Verbatim copy without images: return all of the data as it stands.

[Annotated photo localization data]
--- START ---
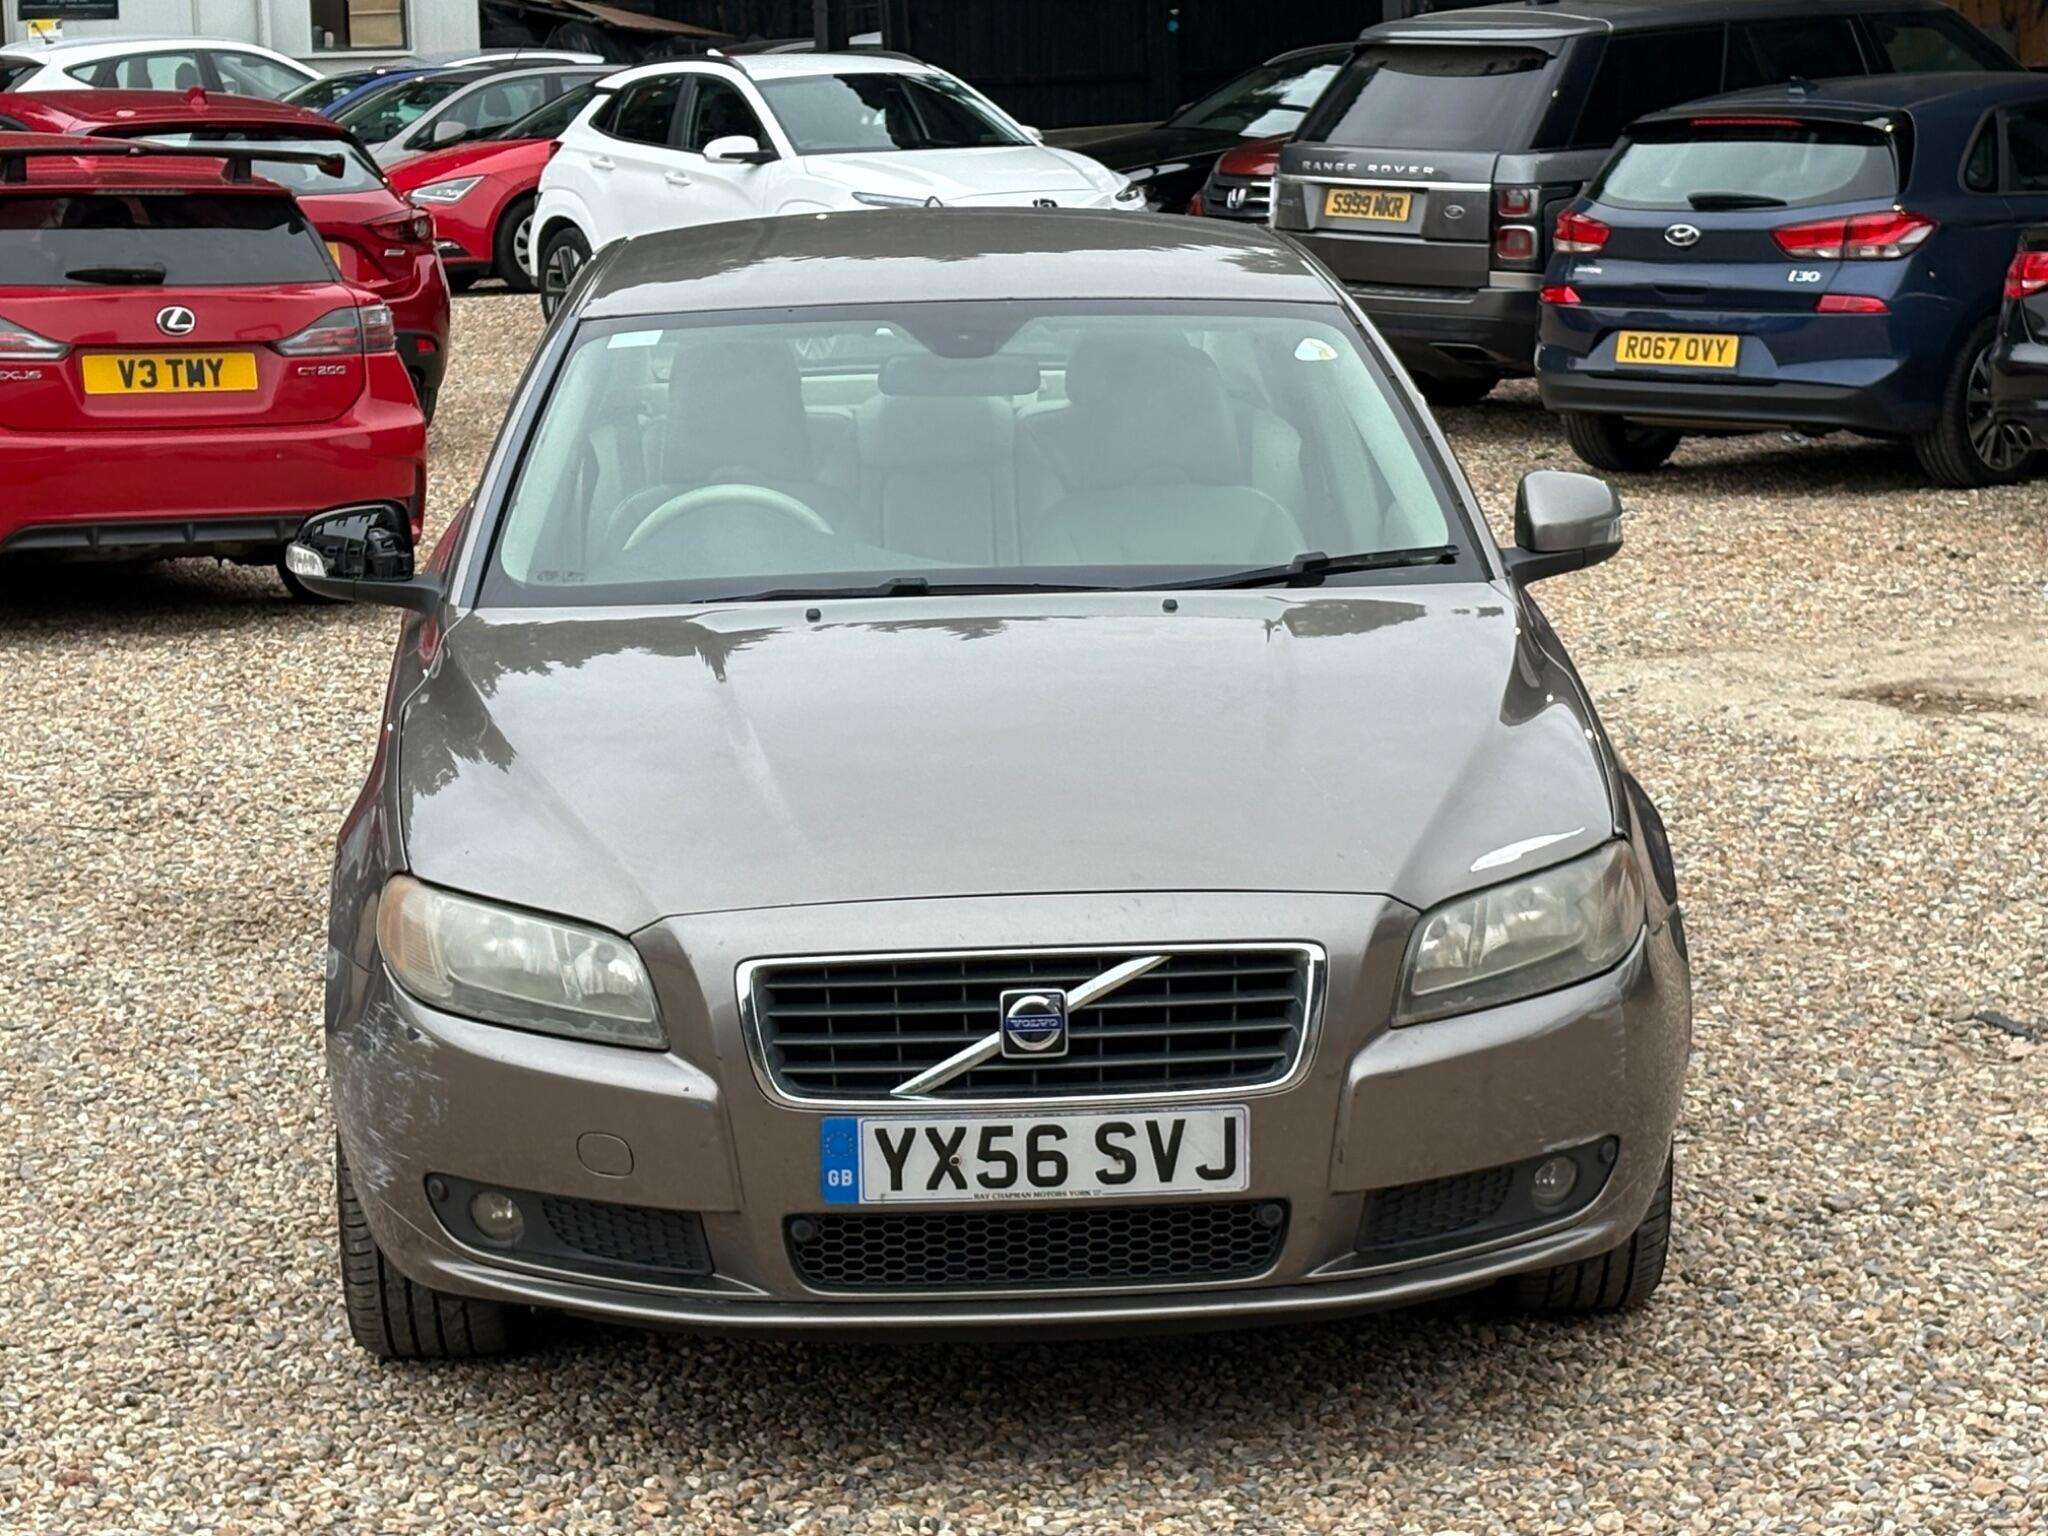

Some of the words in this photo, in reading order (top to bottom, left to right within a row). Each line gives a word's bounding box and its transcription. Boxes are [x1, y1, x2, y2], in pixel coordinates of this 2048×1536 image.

[1301, 160, 1357, 172] RANGE
[1367, 164, 1434, 174] ROVER
[1332, 192, 1372, 215] S999
[1625, 336, 1680, 360] RO67
[1685, 338, 1728, 362] OVY
[117, 359, 158, 388] V3
[1010, 1019, 1058, 1028] VOLVO
[874, 1124, 1069, 1191] YX56
[1095, 1116, 1236, 1185] SVJ
[827, 1168, 853, 1187] GB
--- END ---
The answer -
Some of the words in this photo, in reading order (top to bottom, left to right within a row). Each line gives a word's bounding box and its transcription. Boxes are [x1, y1, x2, y2], in pixel coordinates of this 2048×1536 image.

[1301, 160, 1357, 172] RANGE
[1367, 164, 1434, 174] ROVER
[1332, 192, 1372, 215] S999
[1625, 336, 1680, 360] RO67
[1685, 338, 1728, 362] OVY
[117, 359, 158, 388] V3
[1010, 1019, 1058, 1028] VOLVO
[874, 1124, 1069, 1191] YX56
[1095, 1116, 1236, 1185] SVJ
[827, 1168, 853, 1187] GB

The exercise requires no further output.